Tauopathies are a heterogenous class of diseases characterized by cellular accumulation of aggregated tau and include diseases such as Alzheimer’s disease (AD), progressive supranuclear palsy and chronic traumatic encephalopathy. Tau pathology is strongly linked to neurodegeneration and clinical symptoms in tauopathy patients. Furthermore, synapse loss is an early pathological event in tauopathies and is the strongest correlate of cognitive decline. Tau pathology is additionally associated with chronic neuroinflammatory processes, such as reactive microglia, astrocytes, and increased levels of pro-inflammatory molecules (e.g. complement proteins, cytokines).

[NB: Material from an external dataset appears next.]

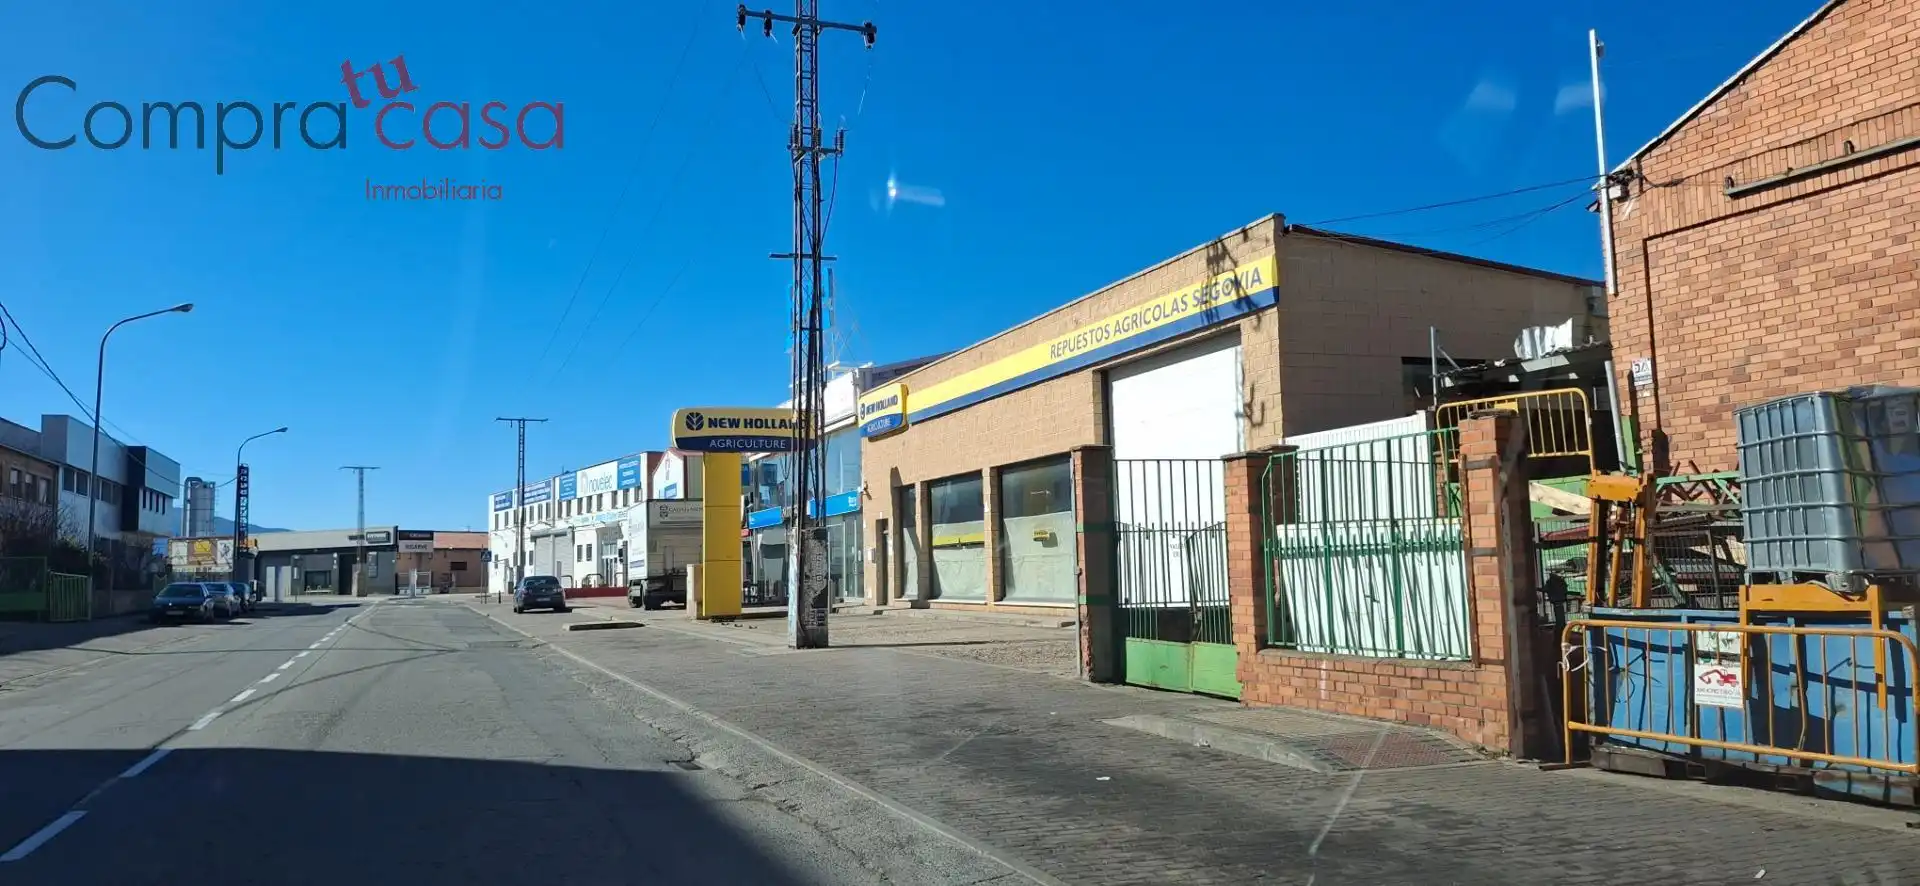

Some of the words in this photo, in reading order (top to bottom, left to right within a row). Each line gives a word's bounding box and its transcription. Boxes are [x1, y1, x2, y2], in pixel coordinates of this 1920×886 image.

Recent studies show that as the principal immune cells of the brain, microglia play a particularly important role in the initiation and progression of tau pathology and associated neurodegeneration. Furthermore, AD risk genes such as Triggering receptor expressed on myeloid cells 2 (TREM2) and Apolipoprotein E (APOE) are enriched in the innate immune system and modulate the neuroinflammatory response of microglia to tau pathology. Microglia can play an active role in synaptic dysfunction by abnormally phagocytosing synaptic compartments of neurons with tau pathology. Furthermore, microglia are involved in synaptic spreading of tau – a process which is thought to underlie the progressive nature of tau pathology propagation through the brain. Spreading of pathological tau is also the predominant target for tau-based immunotherapy. Active tau vaccines, therapeutic tau antibodies and other approaches targeting the immune system are actively explored as treatment options for AD and other tauopathies. This review describes the role of microglia in the pathobiology of tauopathies and the mechanism of action of potential therapeutics targeting the immune system in tauopathies.